▸ **Your task**
Each line in the material below must be transcribed exactly; no picture belongs in the copy.

━━━━━━━━━━━━━━━━

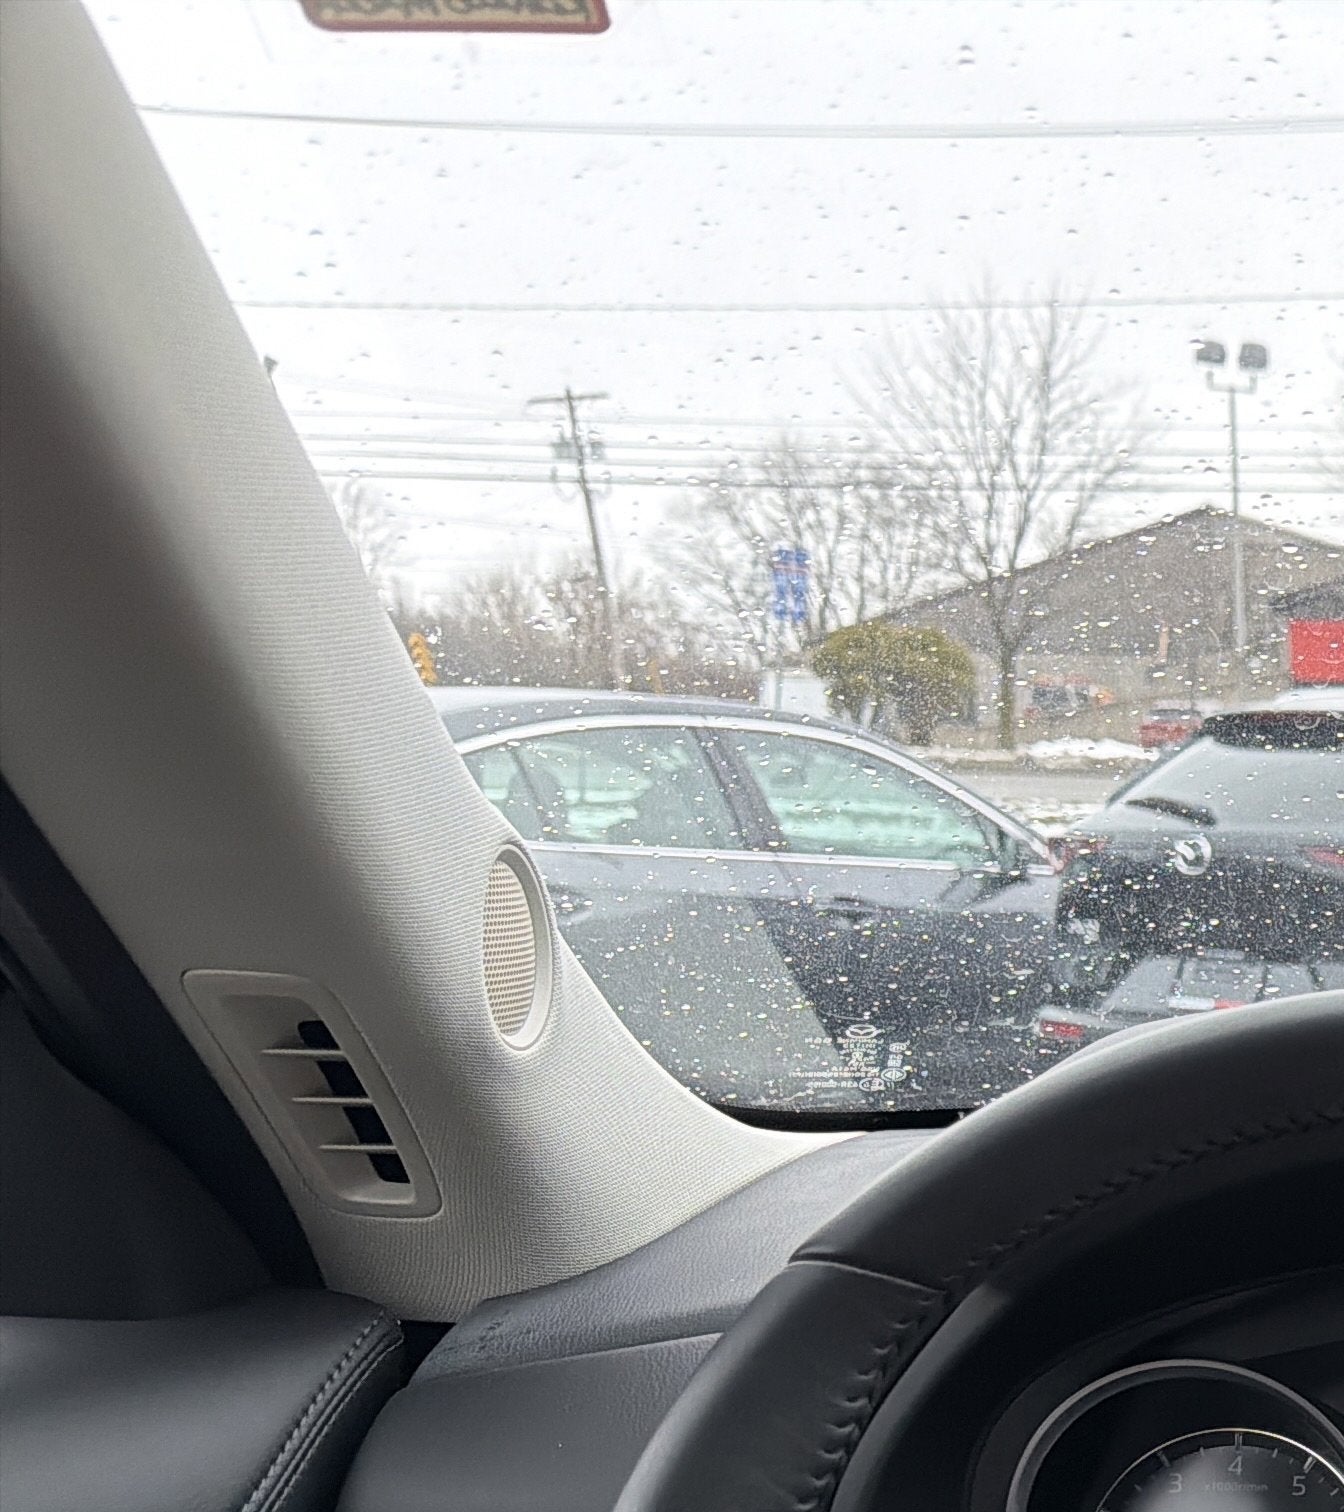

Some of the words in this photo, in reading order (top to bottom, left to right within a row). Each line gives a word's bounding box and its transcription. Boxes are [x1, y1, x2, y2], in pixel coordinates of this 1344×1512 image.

[1227, 1455, 1242, 1475] 4
[1168, 1473, 1183, 1493] 3
[1291, 1475, 1306, 1496] 5
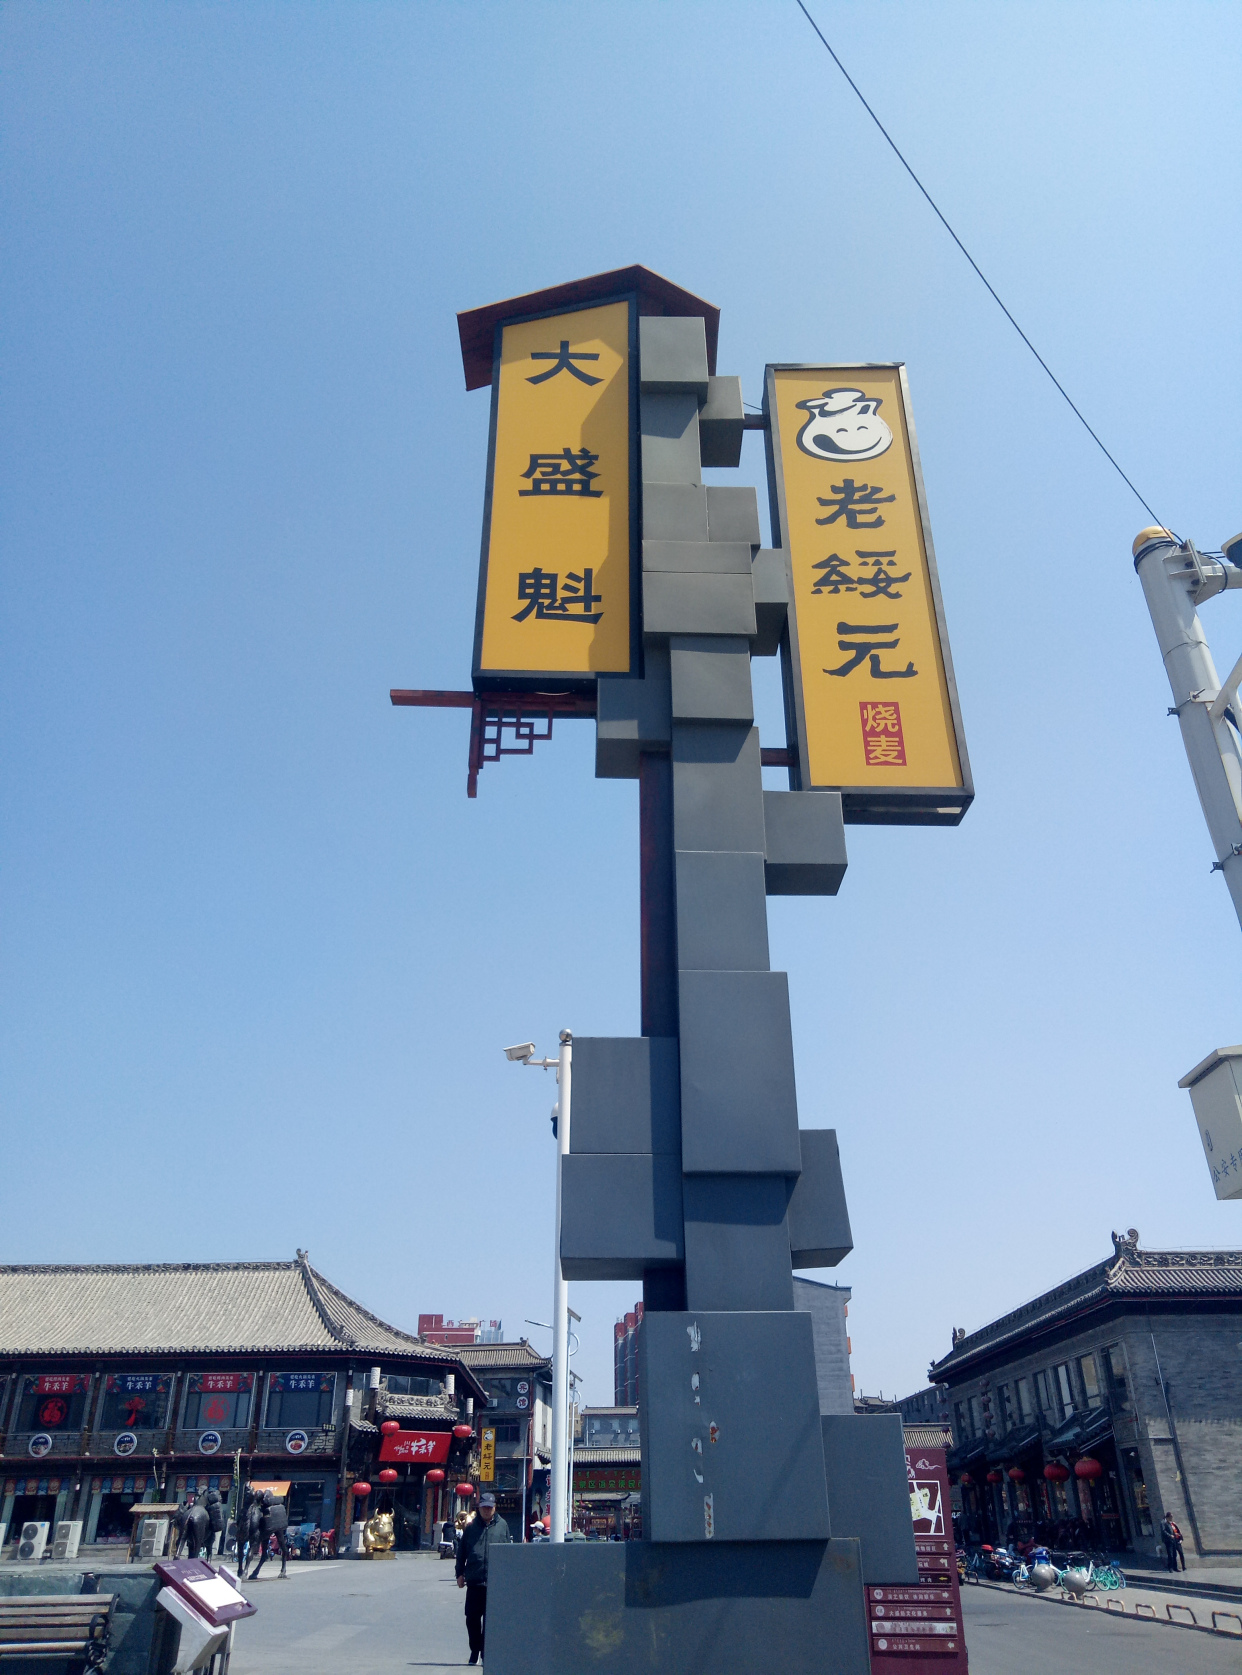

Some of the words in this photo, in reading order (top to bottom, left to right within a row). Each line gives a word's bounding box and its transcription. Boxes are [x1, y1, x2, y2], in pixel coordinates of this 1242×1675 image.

━━━━━━━━━━━━━━━━

▸ **Exercise response**
Some of the words in this photo, in reading order (top to bottom, left to right within a row). Each line gives a word's bounding box and its transcription. Boxes are [x1, y1, x2, y2], in pixel coordinates of this 1344×1512 image.

[1227, 1455, 1242, 1475] 4
[1168, 1473, 1183, 1493] 3
[1291, 1475, 1306, 1496] 5

Some of the words in this photo, in reading order (top to bottom, left to right within a row). Each line gives a word's bounding box and its transcription. Boxes are [x1, y1, x2, y2], in pixel coordinates of this 1242×1675 image.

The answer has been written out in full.